Wichita, KS (LifeNews.com) — A pro-life group in Kansas wants the attorney for infamous late-term abortion practitioner George Tiller to apologize. Operation Rescue accuses Lee Thompson of making potentially slanderous comments to the media by referring to the efforts it has conducted to hold Tiller accountable for potentially illegal actions as "vigilantism."

Attorney General Paul Morrison has filed charges accusing Tiller of breaking the state’s late-term abortion laws but pro-life advocates say there are many more violations.

As a result, the pro-life organization has been helping Kansans for Life gather petitions to invoke a law allowing citizens to petition for a grand jury probe.
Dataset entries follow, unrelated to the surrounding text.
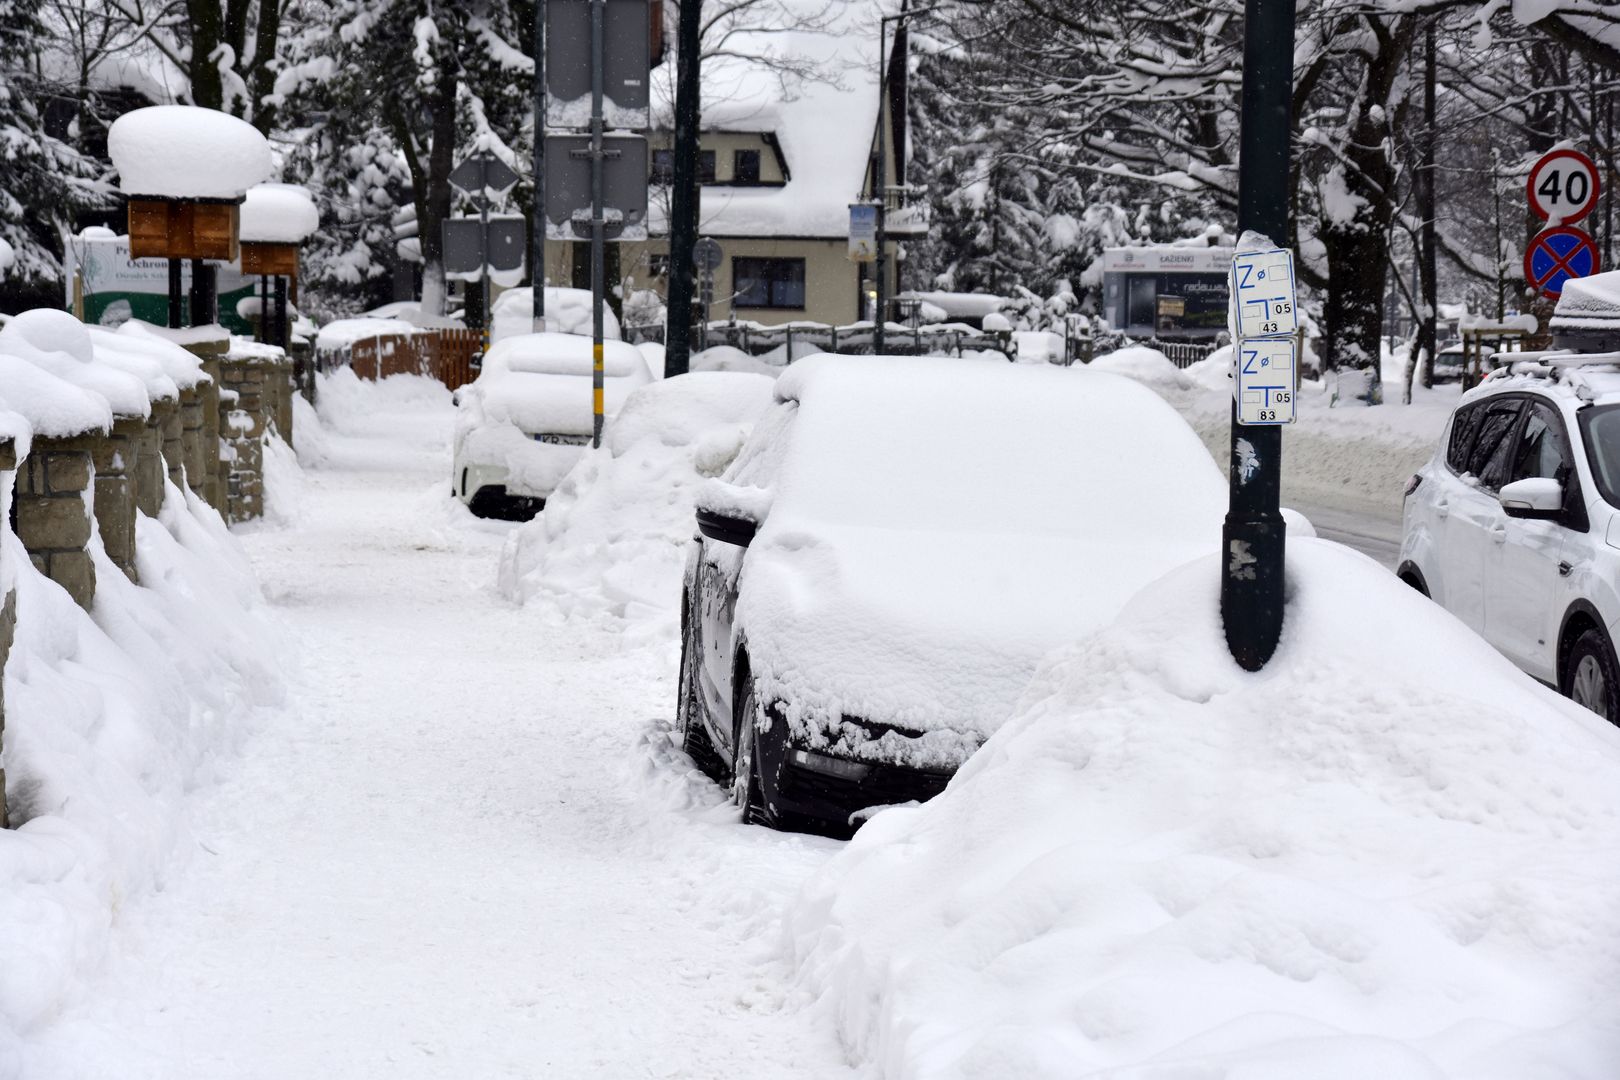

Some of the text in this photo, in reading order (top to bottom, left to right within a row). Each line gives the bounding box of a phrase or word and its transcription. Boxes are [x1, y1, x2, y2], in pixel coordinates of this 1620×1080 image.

[1538, 169, 1588, 205] 40
[1238, 264, 1255, 289] Z
[1275, 303, 1291, 314] 05
[1263, 323, 1278, 333] 43
[1242, 350, 1258, 374] Z
[1276, 393, 1290, 403] 05
[1260, 411, 1276, 420] 83
Tiller’s attorneys filed an appeal with the state Supreme Court to try to overturn the impaneling of the grand jury.

In filing the legal papers, Thompson made remarks to the Associated Press that OR considers disparaging.

“This is a proceeding brought for harassment and in bad faith by the petition gatherers,” he said. “You approach the level of vigilantism, and I think we see that happening in this instance.”
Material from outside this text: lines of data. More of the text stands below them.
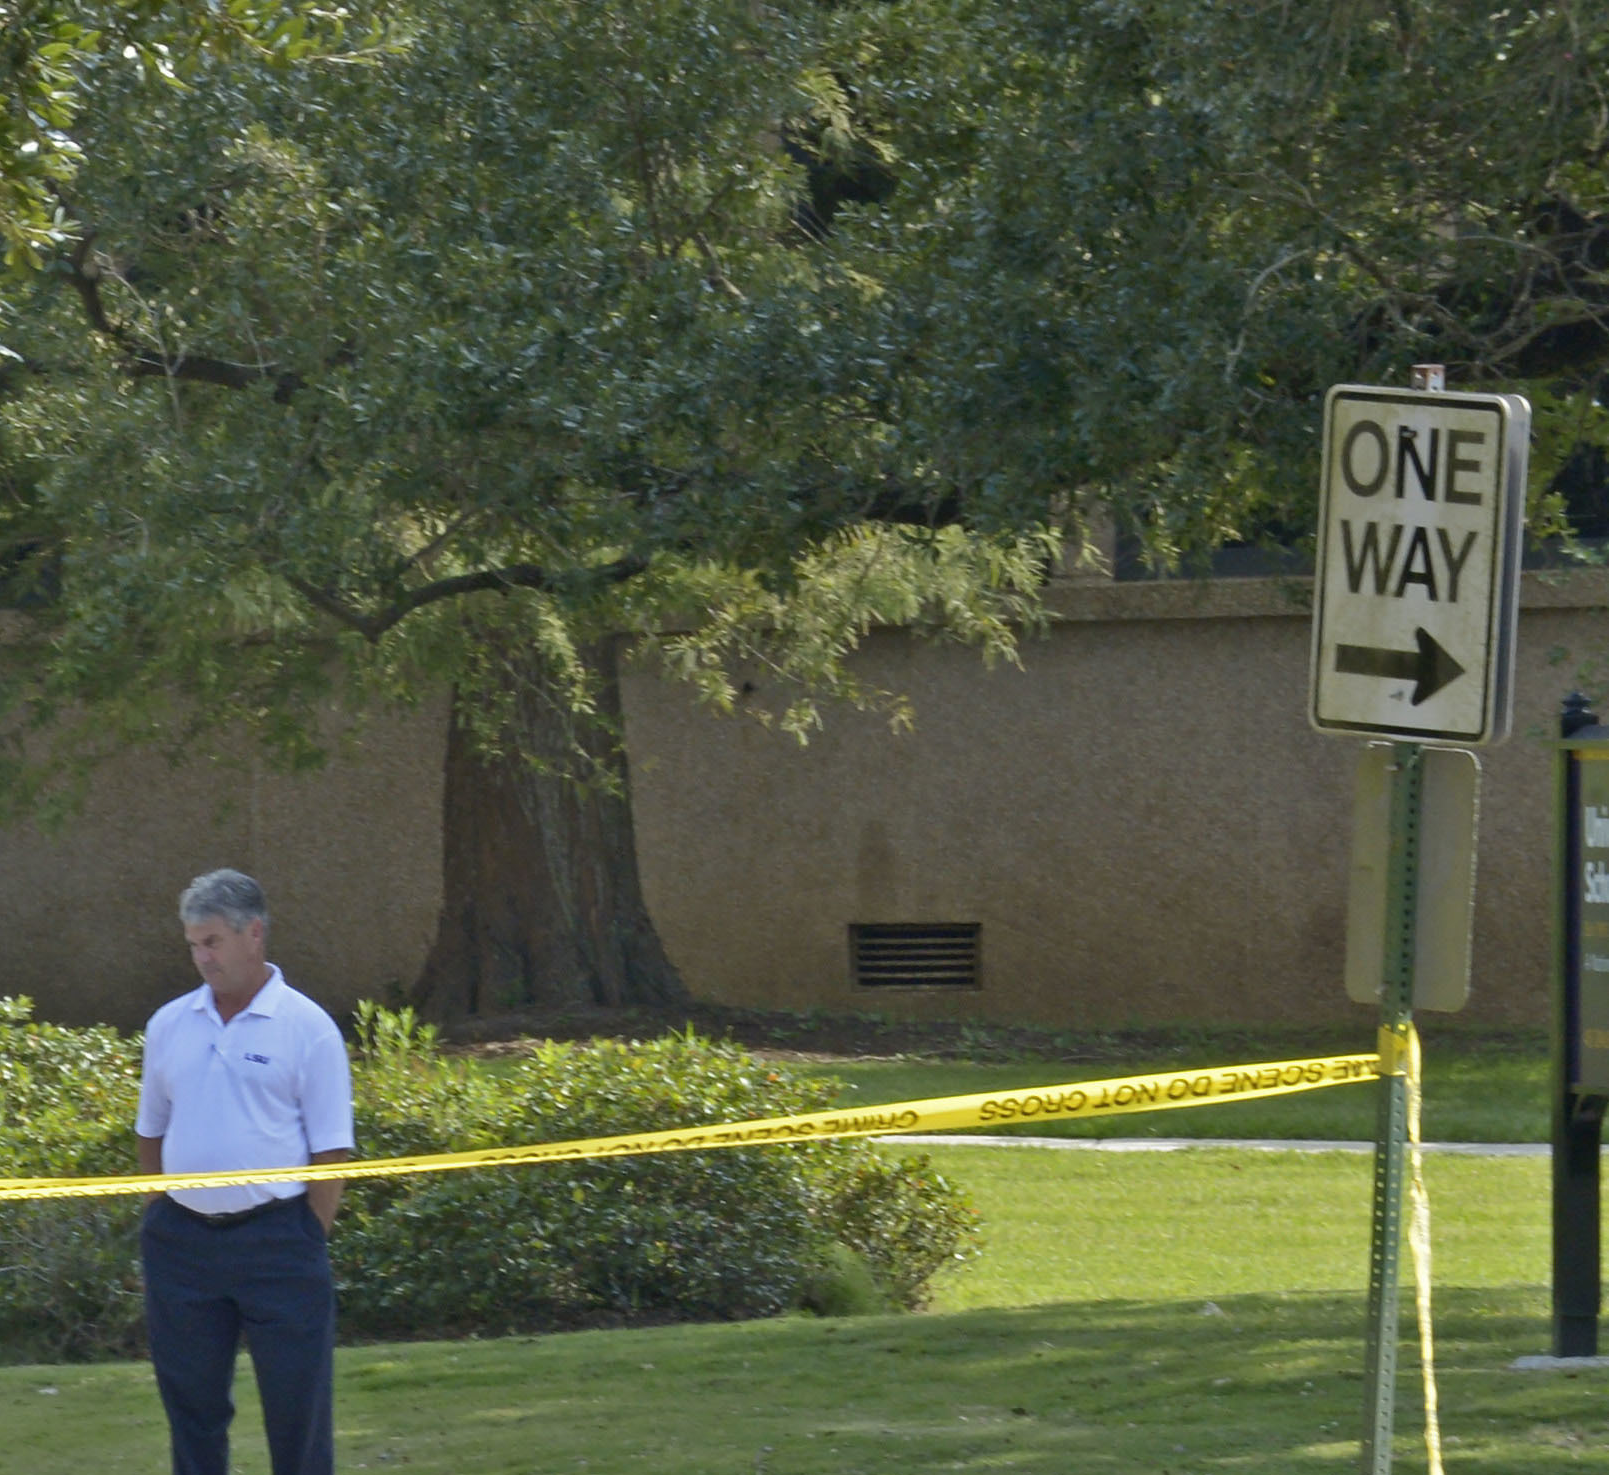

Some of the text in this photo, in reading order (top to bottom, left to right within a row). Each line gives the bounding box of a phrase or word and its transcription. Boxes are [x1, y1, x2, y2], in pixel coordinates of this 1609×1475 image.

[1341, 419, 1486, 506] ONE
[1340, 518, 1479, 603] WAY
[1166, 1075, 1212, 1100] DO
[1220, 1062, 1325, 1094] SCENE
[979, 1090, 1087, 1121] CROSS
[1092, 1081, 1159, 1109] NOT
Operation Rescue president Troy Newman provided LifeNews.com the content of a letter he wrote to Thompson.

"This comment is nothing more than a vicious attack and patently false accusation against the integrity of the over 7,000 registered voters of Sedgwick County who exercised their citizenship by calling for the grand jury investigation," Newman says.

"Vigilantism is when the people take the laws into their own hands. In this case, the people are working within the law to bring justice," Newman adds.

Newman’s letter says that, because Tiller has been charged in the past 10 months with a total of 49 criminal acts based on a few medical records from 2003, it is reasonable to suspect that similar activity continued over the ensuing years.

"Because of this, the citizens of Sedgwick County who signed the grand jury petition demanding further investigation of your client not only acted in good faith, but appropriately and necessarily discharged their duty as citizens," Newman says.

"You owe us all an apology," the letter concludes.